La septicémie est à l’origine d’atteintes musculaires sévères. Celles-ci expliquent les lourdes séquelles des patients après la réanimation. Une équipe française propose une approche thérapeutique fondée sur la greffe de cellules souches permettant de restaurer, chez l’animal, les capacités musculaires. Les premiers résultats se révèlent très encourageants.

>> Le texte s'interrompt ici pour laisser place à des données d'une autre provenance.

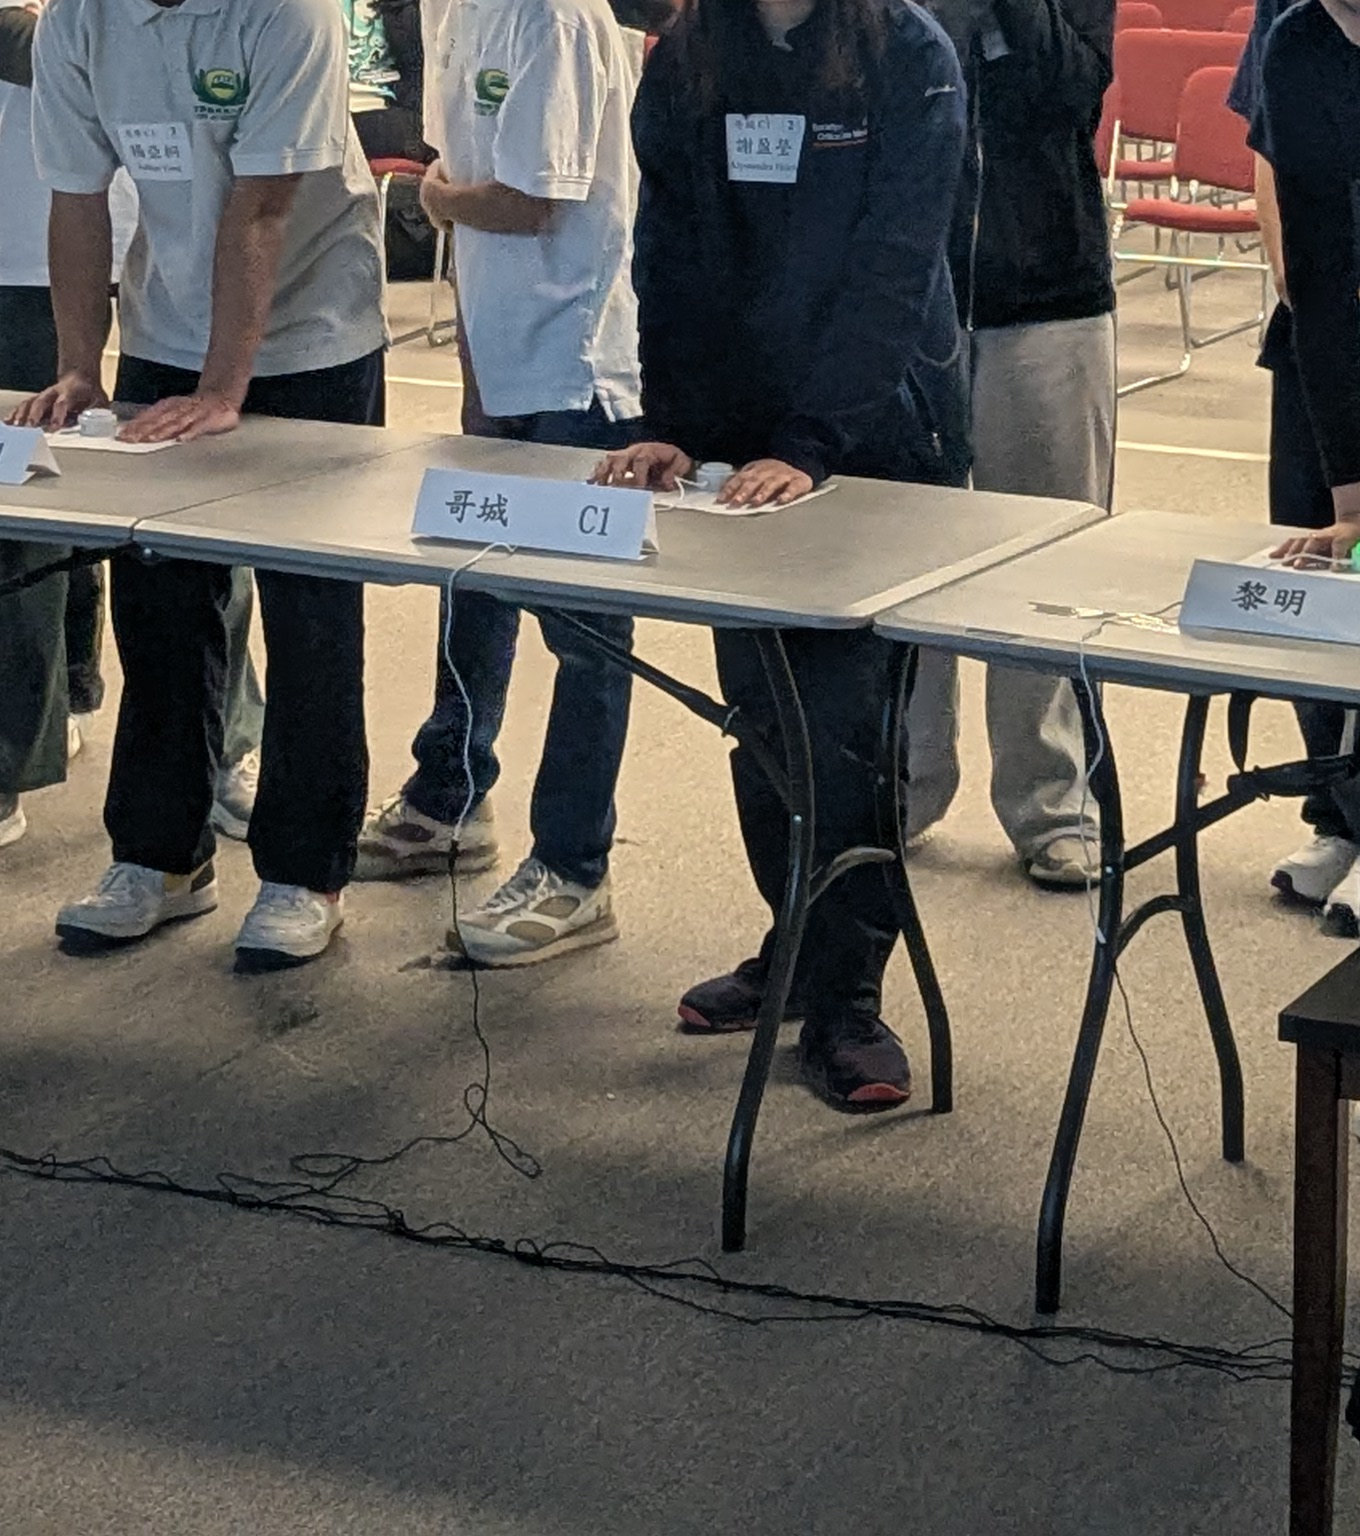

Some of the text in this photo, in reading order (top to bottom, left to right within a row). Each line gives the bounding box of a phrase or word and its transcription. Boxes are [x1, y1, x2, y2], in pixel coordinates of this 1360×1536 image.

[445, 490, 610, 536] 哥城 C1
[1231, 580, 1307, 617] 黎明
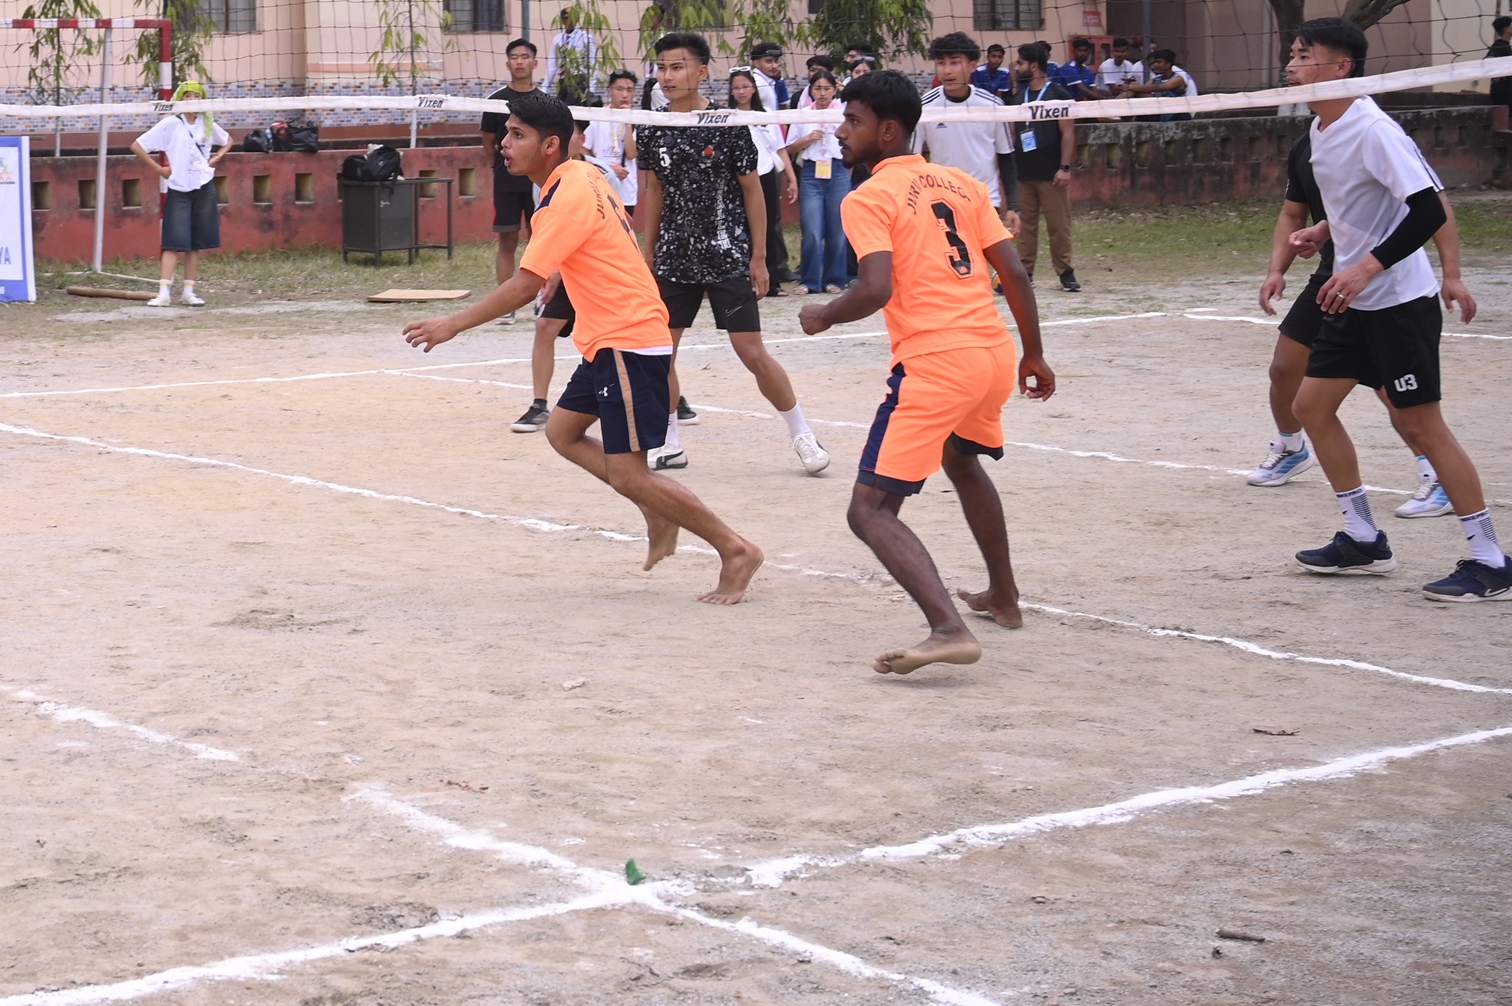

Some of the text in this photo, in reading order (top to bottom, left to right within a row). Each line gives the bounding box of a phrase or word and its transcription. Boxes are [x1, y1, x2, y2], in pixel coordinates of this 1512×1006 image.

La septicémie, également appelée sepsis, est une réponse inflammatoire généralisée de l’organisme, en réaction à une infection sévère. Très fréquente, elle touche 28 millions de personnes dans le monde et provoque 8 millions de décès chaque année. Malgré les progrès de la médecine, la mortalité reste de 27% en France. Dans sa forme la plus sévère, le choc septique, elle peut atteindre 50%. Par ailleurs, les patients qui survivent présentent de graves séquelles, notamment neurologiques et musculaires, qui les handicapent lourdement et les empêchent durablement de retrouver une vie active normale.

Après une septicémie chez la souris, certaines « cellules souches voyaient la masse de leurs mitochondries chuter drastiquement », ont observé des chercheurs de l’unité d’Histopathologie humaine de l’Institut Pasteur, en collaboration avec un groupe de recherche de l’unité Cellules souches et développement (Institut Pasteur/CNRS). « Ces petits organites constituent les centrales énergétiques de la cellule : elles produisent l’ATP, la molécule-carburant nécessaire à toute réaction chimique », expliquent-ils.

Or après un sepsis, « les quelques mitochondries subsistant dans les cellules satellites leur permettaient tout juste de maintenir un fonctionnement minimal de survie, mais n’étaient pas suffisantes pour assurer leur division et leur différenciation en cellules musculaires en cas de besoin (croissance musculaire, réparation et maintenance) ». L’organisme ne parvenait donc pas à restaurer les fonctions musculaires. Ce qui explique le déficit persistant observé chez les patients.

Recourir à la greffe de cellules souches

Comment permettre à l’organisme de récupérer ses capacités musculaires ? Les chercheurs se sont tournés vers la greffe de cellules souches dites mésenchymateuses. Sur un modèle murin, une telle greffe directement au niveau intramusculaire a permis de diminuer le niveau d’inflammation globale et les symptômes associés : fièvre, atonie (absence de tonus), les molécules inflammatoires etc…

Une analyse histologique après la greffe a permis de mettre en évidence que les cellules souches mésenchymateuses venaient supporter les cellules satellites en souffrance sans s’y substituer. Ensuite, elles étaient éliminées par l’organisme, alors que la greffe permettait de restaurer pleinement les dysfonctions mitochondriales et les capacités métaboliques et de division des cellules satellites. Ces résultats encourageants devraient permettre de poursuivre ces travaux prochainement chez l’humain.